There’s yelling and screaming, and then finally, Flasher chucks a glass at Muppet, and you know Flasher has perfect aim, so it comes dangerously close to Muppet’s head. Loves it! “You don’t get to be with my friend,” Flasher tells her, venom dripping from each word.

Why can’t gangs just throw Red Bulls at each other’s heads? The world would be such a happier place.
And at this juncture, Big John pops in to cheerily inform the hos that it’s time to go visit Bret in his suite. So they head upstairs and try to act normal, while they’re all busy hating Muppet. Bret points out a room sized conference table, in case they decide to have a business meeting. Or an orgy, cause, come on.
There’s also a private blackjack table, and while they hos stew with Muppet hate.

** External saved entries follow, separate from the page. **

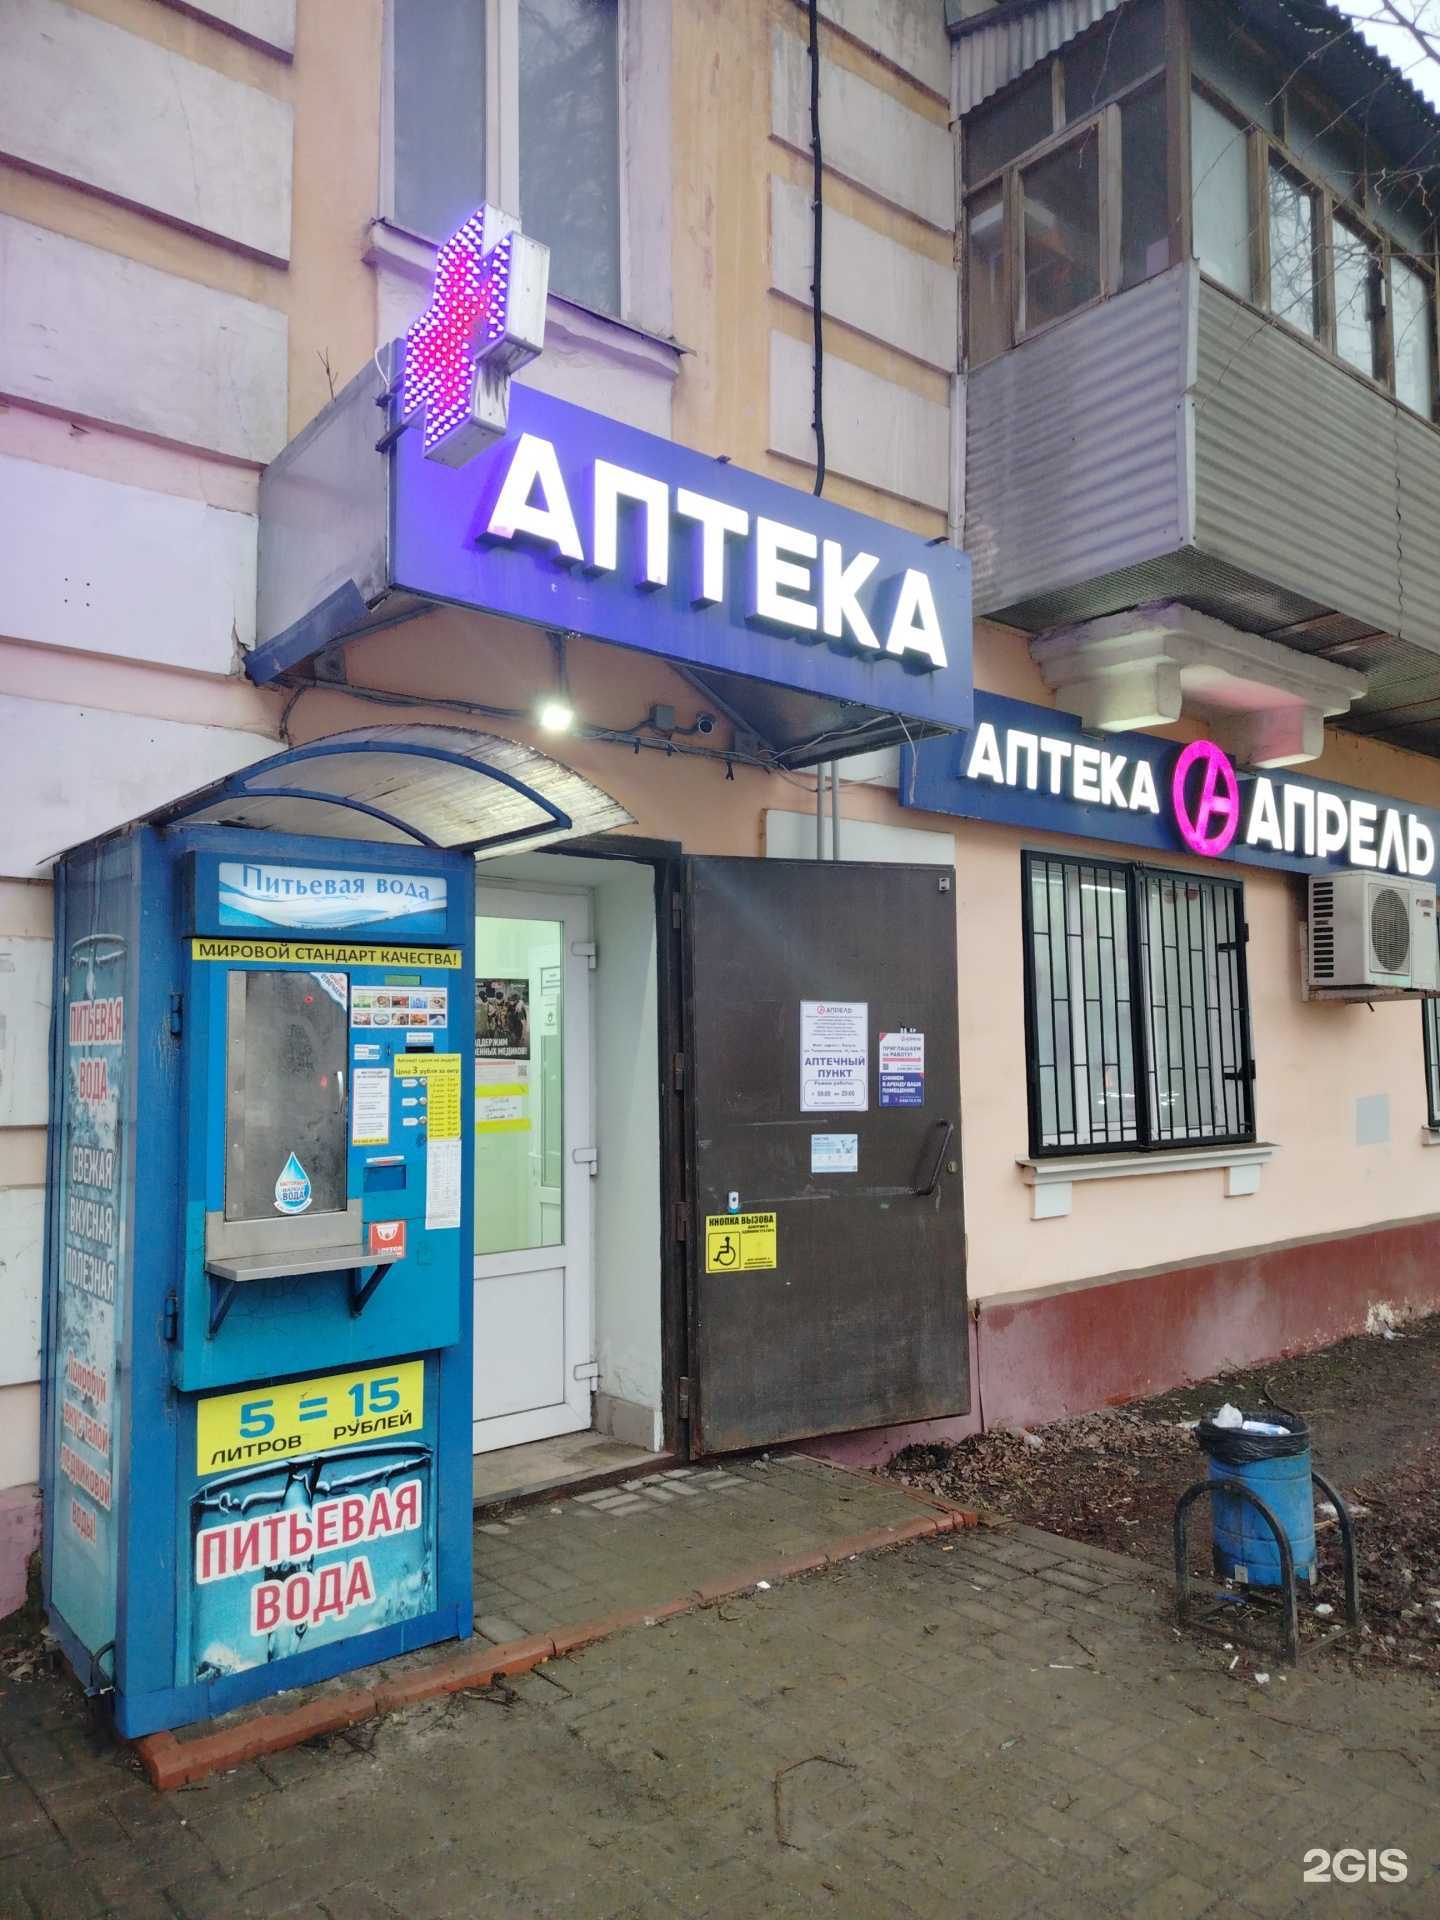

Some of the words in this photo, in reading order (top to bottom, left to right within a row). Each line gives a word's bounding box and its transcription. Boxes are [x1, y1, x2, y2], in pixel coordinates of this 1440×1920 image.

[487, 433, 948, 668] АПТЕКА
[967, 722, 1160, 815] АПТЕКА
[1246, 778, 1436, 877] АПРЕЛЬ
[241, 863, 365, 896] Питьевая
[376, 878, 431, 902] вода
[199, 943, 290, 960] МИРОВОЙ
[295, 946, 377, 964] СТАНДАРТ
[381, 951, 458, 966] КАЧЕСТВА!
[70, 1000, 122, 1042] ПИТЬЕВАЯ
[79, 1059, 108, 1104] ВОДА
[412, 1065, 418, 1074] 3
[805, 1056, 865, 1066] АПТЕЧНЫЙ
[817, 1069, 853, 1079] ПУНКТ
[72, 1146, 113, 1190] СВЕЖАЯ
[282, 1191, 304, 1201] ВОДА
[70, 1196, 113, 1246] ВКУСНАЯ
[709, 1217, 739, 1227] КНОПКА
[741, 1215, 774, 1225] ВЫЗОВА
[66, 1247, 114, 1301] ПОЛЕЗНАЯ
[68, 1350, 106, 1405] Попробуй
[64, 1403, 83, 1438] вкус
[84, 1416, 109, 1454] талой
[239, 1400, 276, 1438] 5
[347, 1377, 400, 1417] 15
[210, 1435, 302, 1465] ЛИТРОВ
[333, 1410, 412, 1440] РУБЛЕЙ
[62, 1445, 111, 1506] ледниковой
[72, 1502, 96, 1542] воды!
[202, 1484, 418, 1579] ПИТЬЕВАЯ
[256, 1560, 372, 1631] ВОДА

Bret innocently (or not) makes some comment about ex-husbands, which leads Bisexual to self-righteously declare that at least she doesn’t live with her ex, and you can guess where it goes from there. That’s right, another fabulous bitch fight! Flasher, this is a job well done.
Anyway, it all happens pretty quickly, but Muppet and Bi are in each other’s faces, and then I think Bisexual throws something at Muppet. “John, come over here and deal with this,” Bret says disgustedly, but obviously secretly thrilled that something’s finally happened to perk up what’s thus far been Snooze of Love, at best.
“Why are you guys disrespecting Bret?” Big John wants to know. Disrespecting, my ass. It’s ratings, bitch boy! But Bisexual is immediately repentant. She feels like her temper has gotten the best of her. Sweetheart, your temper is the best of you. Well, that and the fact that you’re a total groupie whore. Otherwise, you would have been out weeks ago.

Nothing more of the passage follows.